Questioning the Self and Nature: The Early German Romantics

Giulia Valpione

A few years ago, I started to question the role and status of the human being in the natural realm. Although we know very well that we are animals, we feel that we occupy a special place in nature—at least, so it is in the Western culture. We are part of nature, even though the peculiarity of our rationality and the experience of our freedom might lead one to assume that we are separate from it. In this era of environmental crisis, one might even think that we are enemies: we attack her with pesticides and pollution, she strikes back with tornados, floods and extreme heat.
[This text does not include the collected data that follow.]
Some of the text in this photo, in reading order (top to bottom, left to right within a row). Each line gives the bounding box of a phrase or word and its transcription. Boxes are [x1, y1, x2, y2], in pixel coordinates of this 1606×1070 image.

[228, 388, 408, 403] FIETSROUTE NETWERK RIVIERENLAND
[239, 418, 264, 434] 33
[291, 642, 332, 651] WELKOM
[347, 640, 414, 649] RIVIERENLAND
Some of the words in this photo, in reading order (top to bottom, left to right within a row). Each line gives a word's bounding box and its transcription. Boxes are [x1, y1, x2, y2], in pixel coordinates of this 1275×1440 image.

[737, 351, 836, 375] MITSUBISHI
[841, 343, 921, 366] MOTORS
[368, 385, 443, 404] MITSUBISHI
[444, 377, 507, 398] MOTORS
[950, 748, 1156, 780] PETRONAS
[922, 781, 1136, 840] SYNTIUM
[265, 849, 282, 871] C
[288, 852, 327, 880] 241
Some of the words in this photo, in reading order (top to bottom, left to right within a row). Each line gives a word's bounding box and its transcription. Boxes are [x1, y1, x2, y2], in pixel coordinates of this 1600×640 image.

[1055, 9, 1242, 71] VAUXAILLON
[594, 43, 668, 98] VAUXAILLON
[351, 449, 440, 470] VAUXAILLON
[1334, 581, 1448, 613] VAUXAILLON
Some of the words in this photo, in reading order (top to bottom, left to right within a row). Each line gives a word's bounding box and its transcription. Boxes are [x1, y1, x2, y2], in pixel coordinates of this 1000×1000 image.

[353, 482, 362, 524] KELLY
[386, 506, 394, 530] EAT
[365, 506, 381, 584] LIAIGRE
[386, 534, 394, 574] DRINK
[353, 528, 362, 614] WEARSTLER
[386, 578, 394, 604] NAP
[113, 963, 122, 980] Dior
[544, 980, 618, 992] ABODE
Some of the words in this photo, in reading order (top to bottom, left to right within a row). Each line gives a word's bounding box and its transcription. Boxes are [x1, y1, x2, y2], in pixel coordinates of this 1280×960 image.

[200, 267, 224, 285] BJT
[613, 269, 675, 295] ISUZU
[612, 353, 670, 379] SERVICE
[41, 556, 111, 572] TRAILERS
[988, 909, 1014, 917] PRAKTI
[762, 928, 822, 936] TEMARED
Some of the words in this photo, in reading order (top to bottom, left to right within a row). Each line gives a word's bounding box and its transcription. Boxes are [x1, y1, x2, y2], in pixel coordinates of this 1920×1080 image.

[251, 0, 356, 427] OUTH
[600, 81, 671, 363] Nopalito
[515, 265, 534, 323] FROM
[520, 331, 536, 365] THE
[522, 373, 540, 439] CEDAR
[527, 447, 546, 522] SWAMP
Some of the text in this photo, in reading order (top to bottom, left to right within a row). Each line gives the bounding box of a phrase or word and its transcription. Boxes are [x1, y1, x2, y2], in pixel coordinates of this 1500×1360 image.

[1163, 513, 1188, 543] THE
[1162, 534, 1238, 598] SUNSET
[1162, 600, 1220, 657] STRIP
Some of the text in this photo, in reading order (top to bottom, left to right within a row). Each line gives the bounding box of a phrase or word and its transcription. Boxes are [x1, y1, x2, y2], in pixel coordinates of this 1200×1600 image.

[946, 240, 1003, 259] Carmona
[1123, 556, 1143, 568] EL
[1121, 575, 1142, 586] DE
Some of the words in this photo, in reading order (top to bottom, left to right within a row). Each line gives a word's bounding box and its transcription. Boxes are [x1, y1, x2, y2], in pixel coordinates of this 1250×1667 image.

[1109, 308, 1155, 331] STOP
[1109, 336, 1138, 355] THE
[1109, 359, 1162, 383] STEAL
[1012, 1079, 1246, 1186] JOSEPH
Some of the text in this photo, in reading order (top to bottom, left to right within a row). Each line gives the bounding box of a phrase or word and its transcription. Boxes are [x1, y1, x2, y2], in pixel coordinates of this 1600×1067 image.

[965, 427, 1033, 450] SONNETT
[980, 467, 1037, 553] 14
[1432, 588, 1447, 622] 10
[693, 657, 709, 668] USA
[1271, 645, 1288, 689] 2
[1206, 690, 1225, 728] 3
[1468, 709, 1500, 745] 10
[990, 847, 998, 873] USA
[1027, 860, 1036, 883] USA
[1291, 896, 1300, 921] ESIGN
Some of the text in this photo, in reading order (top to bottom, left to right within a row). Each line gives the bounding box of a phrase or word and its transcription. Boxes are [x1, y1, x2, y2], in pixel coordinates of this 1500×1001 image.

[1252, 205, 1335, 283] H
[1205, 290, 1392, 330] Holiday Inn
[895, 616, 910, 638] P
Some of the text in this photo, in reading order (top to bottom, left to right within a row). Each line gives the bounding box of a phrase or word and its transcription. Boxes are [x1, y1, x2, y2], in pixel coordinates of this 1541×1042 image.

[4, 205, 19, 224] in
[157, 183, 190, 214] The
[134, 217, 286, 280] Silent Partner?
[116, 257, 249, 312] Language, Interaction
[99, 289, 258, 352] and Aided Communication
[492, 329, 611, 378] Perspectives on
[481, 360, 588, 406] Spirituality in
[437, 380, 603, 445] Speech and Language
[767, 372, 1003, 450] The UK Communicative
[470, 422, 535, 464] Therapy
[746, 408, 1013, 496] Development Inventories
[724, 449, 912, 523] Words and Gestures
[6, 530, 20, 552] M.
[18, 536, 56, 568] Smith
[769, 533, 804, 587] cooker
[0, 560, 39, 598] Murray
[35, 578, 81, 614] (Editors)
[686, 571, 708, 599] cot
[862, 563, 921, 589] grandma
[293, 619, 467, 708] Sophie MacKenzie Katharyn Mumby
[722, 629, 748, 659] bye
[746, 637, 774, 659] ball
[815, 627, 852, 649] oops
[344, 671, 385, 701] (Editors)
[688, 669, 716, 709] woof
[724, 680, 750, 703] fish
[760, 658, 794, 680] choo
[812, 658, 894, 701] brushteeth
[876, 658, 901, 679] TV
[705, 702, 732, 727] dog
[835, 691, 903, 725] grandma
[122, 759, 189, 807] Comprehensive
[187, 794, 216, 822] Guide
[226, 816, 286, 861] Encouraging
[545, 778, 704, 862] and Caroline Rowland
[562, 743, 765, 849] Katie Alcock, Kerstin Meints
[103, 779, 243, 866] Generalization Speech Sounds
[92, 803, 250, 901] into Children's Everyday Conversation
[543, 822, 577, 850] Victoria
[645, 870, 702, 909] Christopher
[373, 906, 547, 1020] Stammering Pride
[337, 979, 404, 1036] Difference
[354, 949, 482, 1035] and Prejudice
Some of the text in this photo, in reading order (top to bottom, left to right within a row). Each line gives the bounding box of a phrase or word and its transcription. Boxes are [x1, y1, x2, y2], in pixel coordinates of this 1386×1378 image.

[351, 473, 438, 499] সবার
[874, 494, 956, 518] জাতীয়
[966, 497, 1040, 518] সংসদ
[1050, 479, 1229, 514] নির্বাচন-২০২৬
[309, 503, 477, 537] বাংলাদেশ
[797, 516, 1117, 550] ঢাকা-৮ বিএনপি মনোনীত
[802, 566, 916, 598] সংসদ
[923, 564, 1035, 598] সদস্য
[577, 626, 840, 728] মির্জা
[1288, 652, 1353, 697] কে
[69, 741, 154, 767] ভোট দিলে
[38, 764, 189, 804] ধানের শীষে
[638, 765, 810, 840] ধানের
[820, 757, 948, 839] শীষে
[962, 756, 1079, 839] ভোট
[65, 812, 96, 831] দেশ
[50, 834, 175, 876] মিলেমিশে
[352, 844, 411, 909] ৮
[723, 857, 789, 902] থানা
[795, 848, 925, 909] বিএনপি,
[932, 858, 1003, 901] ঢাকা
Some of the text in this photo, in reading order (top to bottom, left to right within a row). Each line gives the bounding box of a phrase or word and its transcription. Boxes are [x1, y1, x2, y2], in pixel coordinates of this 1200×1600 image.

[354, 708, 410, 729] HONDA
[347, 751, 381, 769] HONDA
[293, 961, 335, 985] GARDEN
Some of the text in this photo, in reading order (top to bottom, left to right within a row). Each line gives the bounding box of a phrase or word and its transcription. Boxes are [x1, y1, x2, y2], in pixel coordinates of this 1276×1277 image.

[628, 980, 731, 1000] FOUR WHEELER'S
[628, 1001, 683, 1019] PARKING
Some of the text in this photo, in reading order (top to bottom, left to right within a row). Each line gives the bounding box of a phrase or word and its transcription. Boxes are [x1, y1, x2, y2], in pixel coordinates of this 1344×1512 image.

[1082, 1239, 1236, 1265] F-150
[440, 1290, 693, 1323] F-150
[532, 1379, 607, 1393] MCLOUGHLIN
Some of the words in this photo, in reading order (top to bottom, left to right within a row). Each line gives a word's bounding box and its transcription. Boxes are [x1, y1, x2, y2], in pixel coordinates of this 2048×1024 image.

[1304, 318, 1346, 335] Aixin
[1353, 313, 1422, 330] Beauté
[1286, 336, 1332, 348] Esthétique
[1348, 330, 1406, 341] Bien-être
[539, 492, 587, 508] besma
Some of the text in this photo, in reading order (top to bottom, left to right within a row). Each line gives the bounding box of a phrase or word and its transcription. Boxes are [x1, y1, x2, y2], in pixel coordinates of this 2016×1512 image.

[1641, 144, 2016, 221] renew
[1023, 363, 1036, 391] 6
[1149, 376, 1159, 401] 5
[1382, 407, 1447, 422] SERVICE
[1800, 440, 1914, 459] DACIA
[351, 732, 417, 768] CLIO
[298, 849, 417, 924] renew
The history of philosophy can help us acknowledge that we have (wrongly) believed for too long that we are the masters of nature. Studying the works of philosophers of the past helps us comprehend how this idea took shape and evolved over the centuries, and why. However, there is another reason why examining at the past is timely. Investigating the intellectual history enables us to discover different conceptions of subjectivity that entertain a different relationship with the nonhuman world.

With these reflections in mind, I began my research in Romantic philosophy. The Schlegel brothers, Novalis, Caroline Schlegel-Schelling and their companions met in Jena at the end of the 18th century and rapidly became the center of a vibrant philosophical exchange—they even had a name for it: symphilosophy, i.e. ‘philosophizing together’. As I read their texts, I felt that I was involved in these philosophical dialogues and had to make their conception of the self my own.

To the Early German Romantics, it was clear that the conception of the self determines our understanding of the relationship between human beings and nature (and vice versa). They recognized the centrality of subjectivity in modernity. The modern self believe herself to be the custodian of concepts and laws that are not influenced by historical and natural conditions: she thinks to be capable of absolute self-ruling. In other words, the modern self portrays herself as the only being on Earth capable of autonomy and sovereignty. Convinced of this illusion, she forgets that she is part of the natural world and sets herself up in opposition to nature.

The Romantics offered an alternative view. Reading their words, we discover a conception of subjectivity deprived of all claims to mastery: conceived as being tangled up in a web of natural and historical forces, the Romantic self cannot aspire to sovereignty or strive to prevail over nature. Nevertheless, she is not doomed to passivity.

If I were asked to choose one thing that I’ve learned from the Romantics, it would be exactly this. Admitting our limits, accepting our interdependence with others and nature requires us to find a balance between the pretention to dominate and the absolute rejection of action. The Romantics taught me that we cannot impose our will and categories on nature and history. Nevertheless, we can negotiate a space for freedom. And we can still imagine a better future for humanity.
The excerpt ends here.